Dass die Outbounderinn, dir was anderes gesagt hat, ist natürlich eine Unverschämtheit und wir können alle nur hoffen, dass die Dame irgendwann damit auffliegt. Vielleicht hat sie es auch nicht besser gewusst. Was auf jeden Fall auszuschließen ist, dass du sie jemals wieder findest. Telekom Agenten sind aus Guten Gründen besser geschätzt, als Geheimagenten. Deshalb gilt es immer den schriftlichen Vertrag durchzulesen, da er innerhalb von 14 Tagen problemlos storniert werden kann.

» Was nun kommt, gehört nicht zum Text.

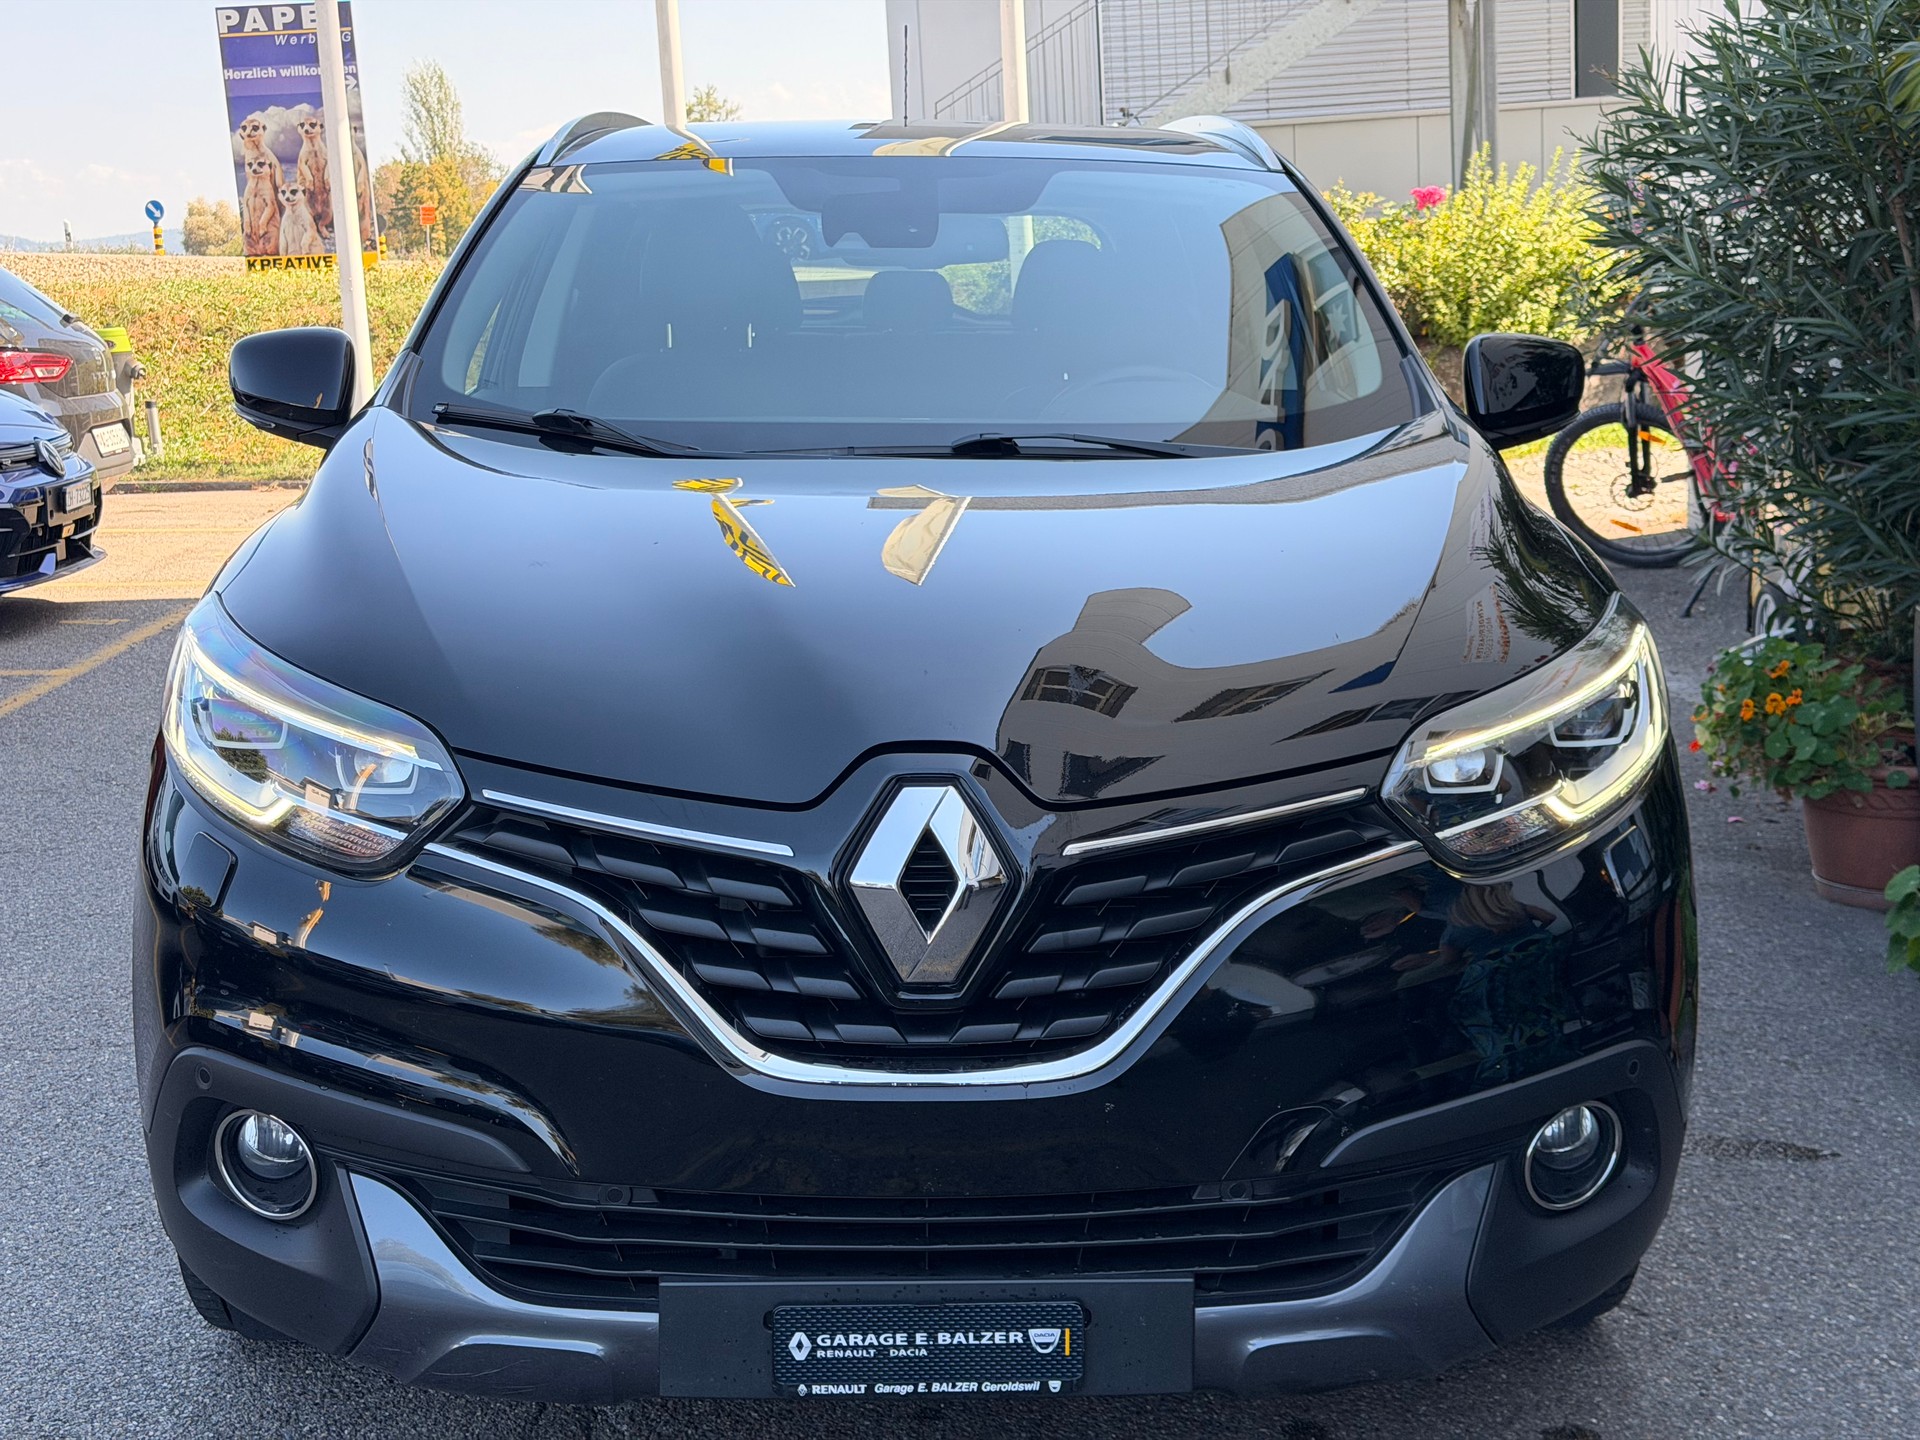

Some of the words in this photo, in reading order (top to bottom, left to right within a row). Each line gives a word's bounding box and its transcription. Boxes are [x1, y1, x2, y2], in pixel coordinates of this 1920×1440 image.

In deinem Fall jetzt zu spät ich weiß.
Wenn das Kind in den Brunnen gefallen ist, dann hilft entweder nur die Einsicht, also zahlen, oder so lange schriftlich reklamieren, bis einer dich aus Kulanz kündigt.
Hallo,
wenn die Telekom einen Vertrag ändert, bekommt man das schriftlich. Spätestens dann sollte man sich die Mühe machen und die Lupe raus holen. (Ja, ich finde, die Mindestdruckgröße der Buchstaben sollte bei Verträgen mal gesetzlich vorgeschrieben werden)
Okay, spätestens dann hätte man gemerkt, das hier was nicht stimmt und hätte Einspruch einlegen können.
Was, nichts Schriftliches erhalten? Dann auch keine Vertragsänderung bekommen.